The CIO is in the dark about IT budgets in the brave new world where line-of-business managers buy their own infrastructure and devices, according to a new survey by the Corporate Executive Board.
CIOs also underestimate how much money is spent by other business functions on IT, said the CEB.
Close to 165 firms with a combined tech spend of $29bn responded to the questions from the CEB, who estimate that up to 40% of this budget is unofficially spent by departments not directly under the IT department’s control.
The biggest ‘culprits’ were identified as HR, Marketing, Operations and Finance. Among the sample group, between 6% to 9% of HR budgets are being spent on IT, including talent analytics and cloud-based infrastructure.
Andrew Horne, MD at the CEB, said that this isn’t cause for concern and that “shadow spending” is now a “sign of innovation” rather than a threat, which it was seen as “in the past.”
"Failing to recognise the extent to which tech driven projects ate happening outside of the IT department can be a real worry, yet trying to maintain total control is equally a step in the wrong direction."
Interestingly, it seems CIOs have far less of their IT budget available to spend on innovation. While 70% or more of the official IT budget is used to keep things ticking over and 20% towards incremental improvement, other functions can devote up to 50% of their tech spending on innovation.
IT budgets among the 165 firms in the sample group will rise by an average of 3% next year, said CEB.

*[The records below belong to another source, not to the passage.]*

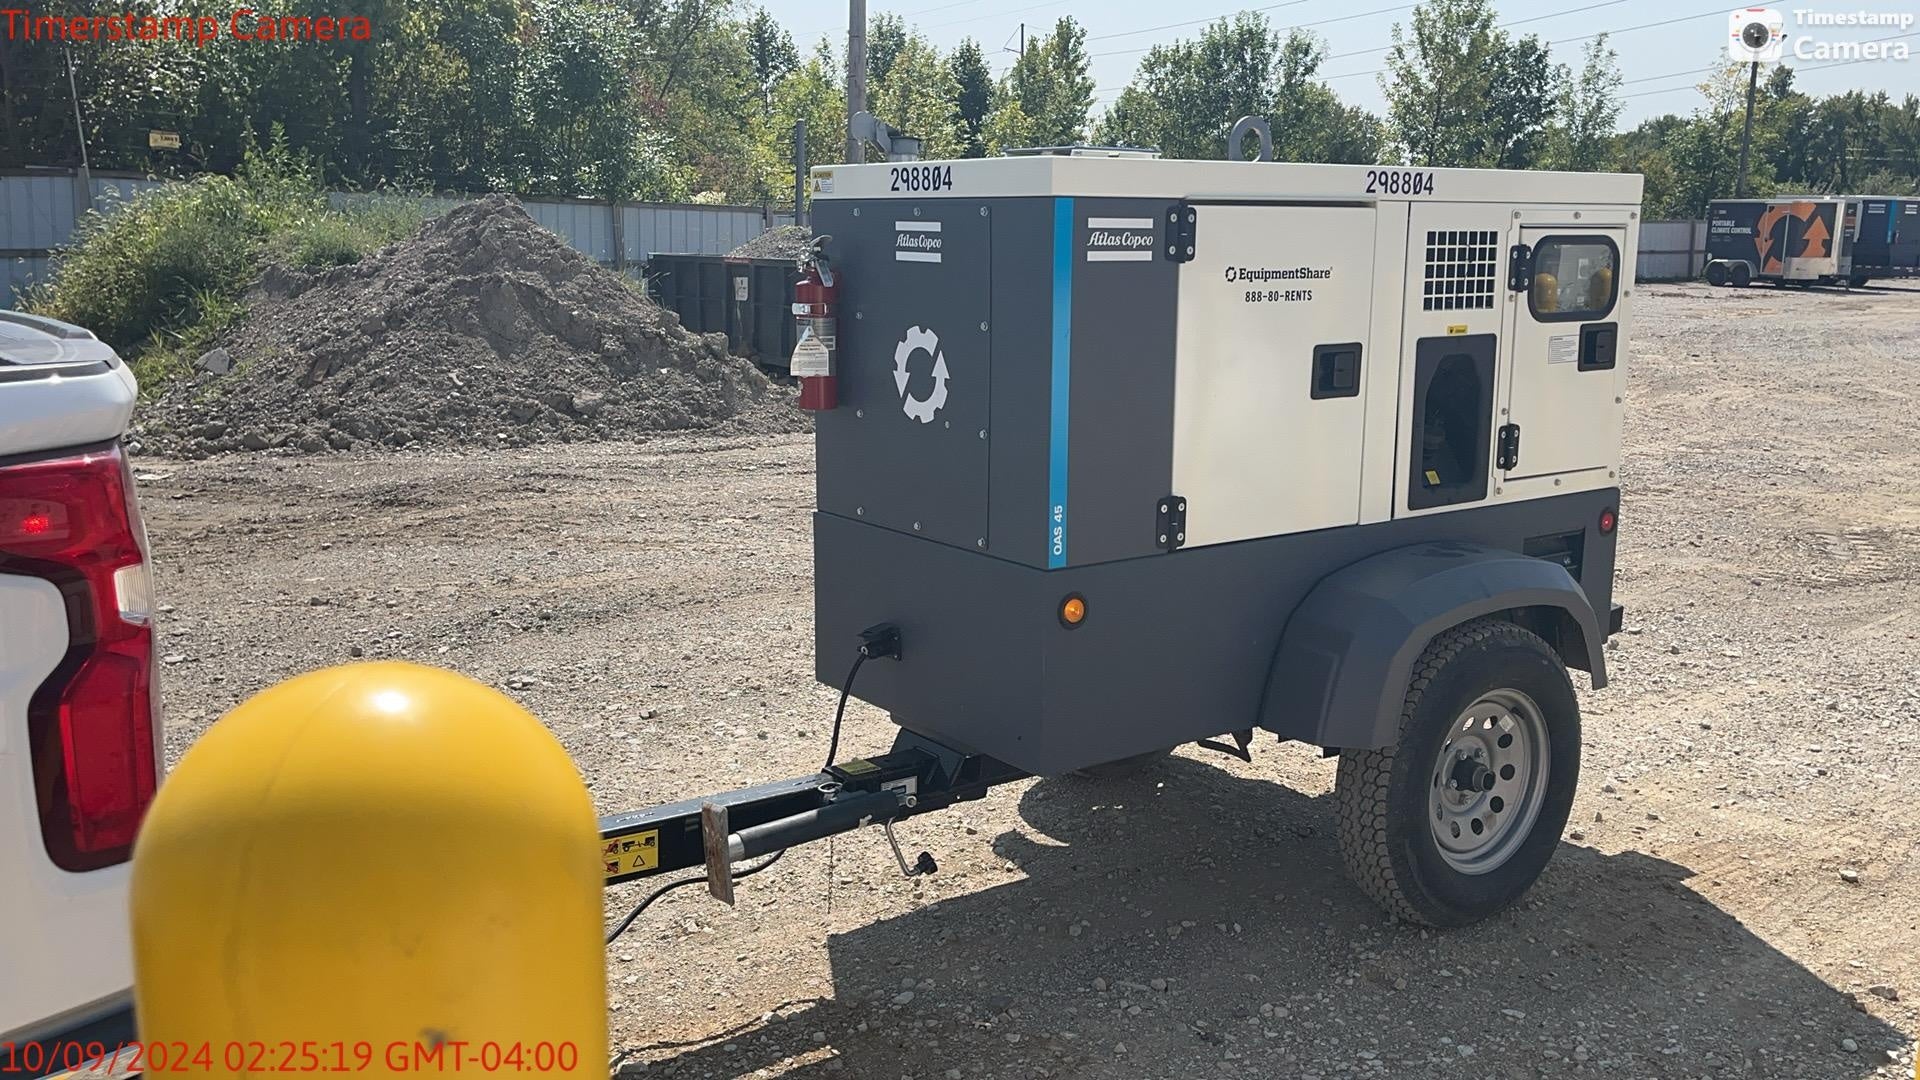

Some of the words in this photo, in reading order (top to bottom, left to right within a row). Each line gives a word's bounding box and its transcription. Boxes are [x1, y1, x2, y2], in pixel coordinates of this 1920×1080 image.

[890, 165, 952, 191] 298804
[1366, 170, 1434, 195] 298804
[896, 233, 918, 248] Atlas
[918, 234, 942, 250] Copco
[1087, 231, 1121, 246] Atlas
[1121, 231, 1153, 249] Copco
[1238, 267, 1331, 282] EquipmentShare
[1245, 290, 1313, 303] 888-80-RENTS
[1054, 504, 1063, 523] 45
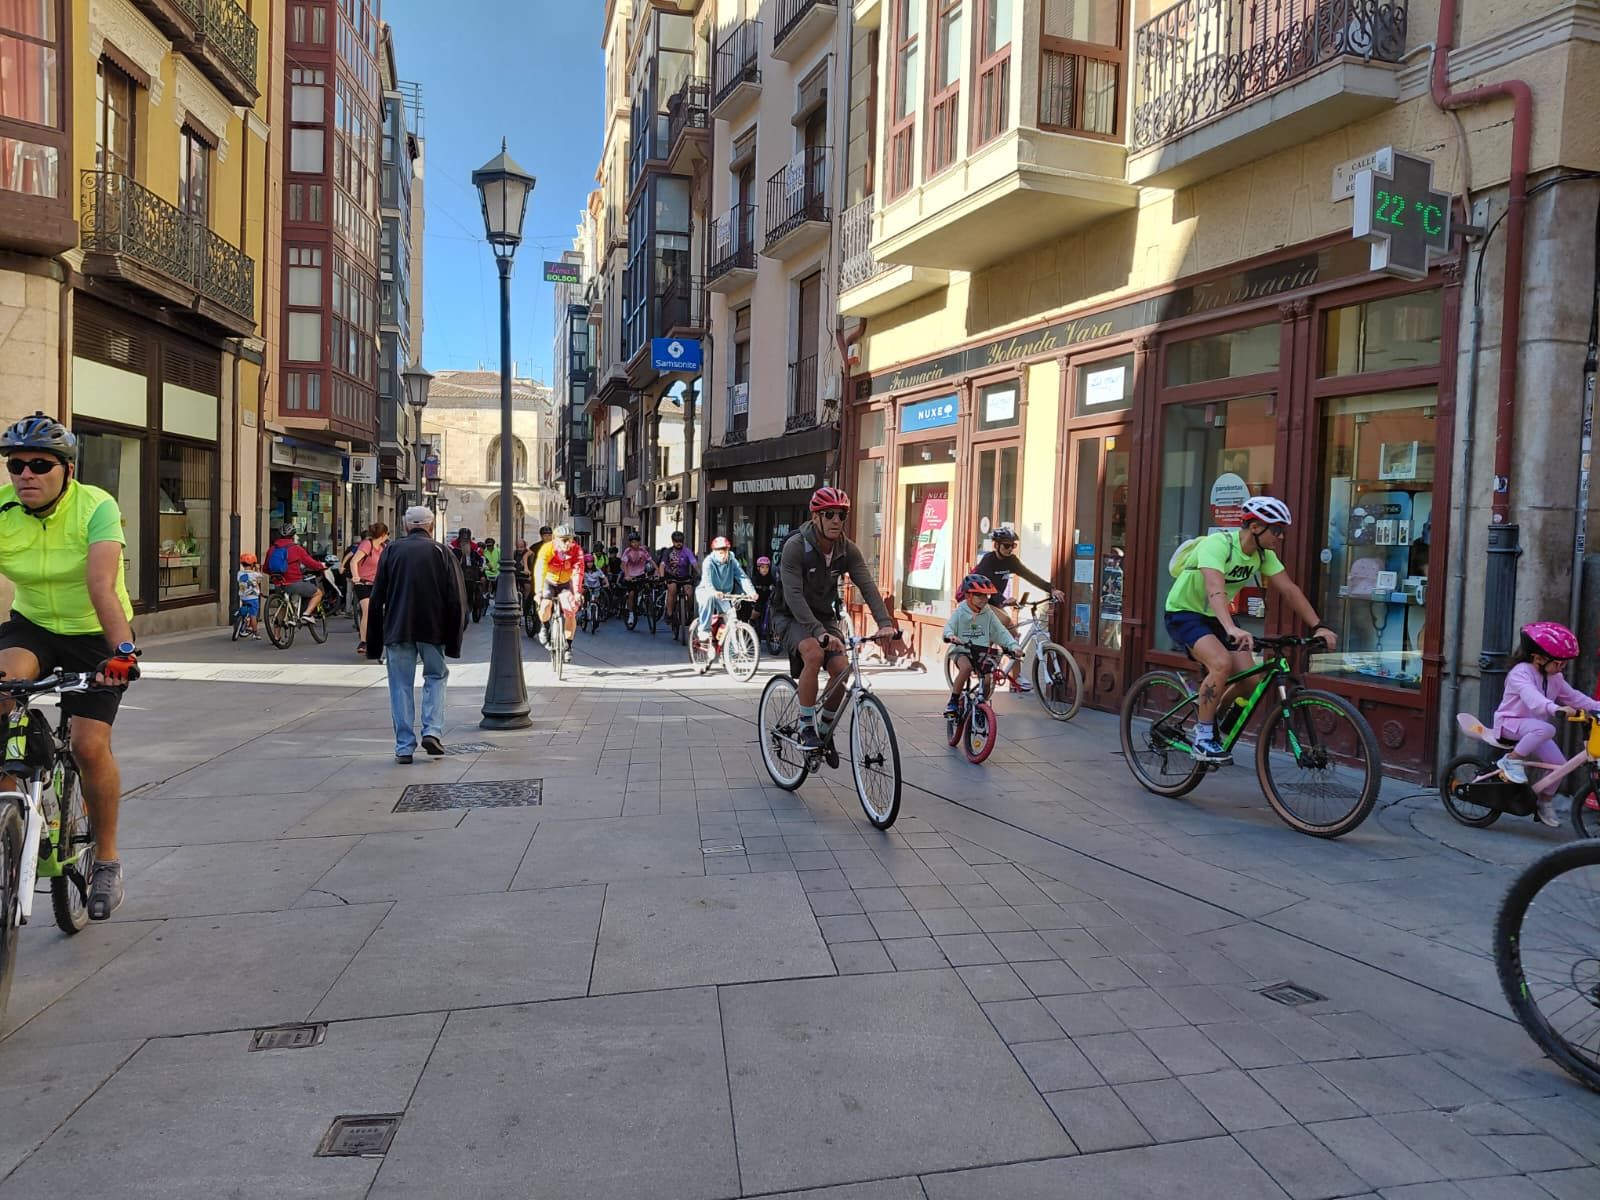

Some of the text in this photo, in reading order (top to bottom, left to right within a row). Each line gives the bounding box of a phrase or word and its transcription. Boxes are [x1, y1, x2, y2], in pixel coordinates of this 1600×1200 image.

This is interesting because in the past IT expenditure was more tightly controlled by the CIO. There were also practical obstacles – buying in new infrastructure required physical installation of servers but now cloud-based systems can be rolled out much more quickly. Now that line of business is spending more on IT, hopefully this will help ramp up collaboration as departments have to talk to each other to ensure infrastructure aligns and all systems can talk to each other.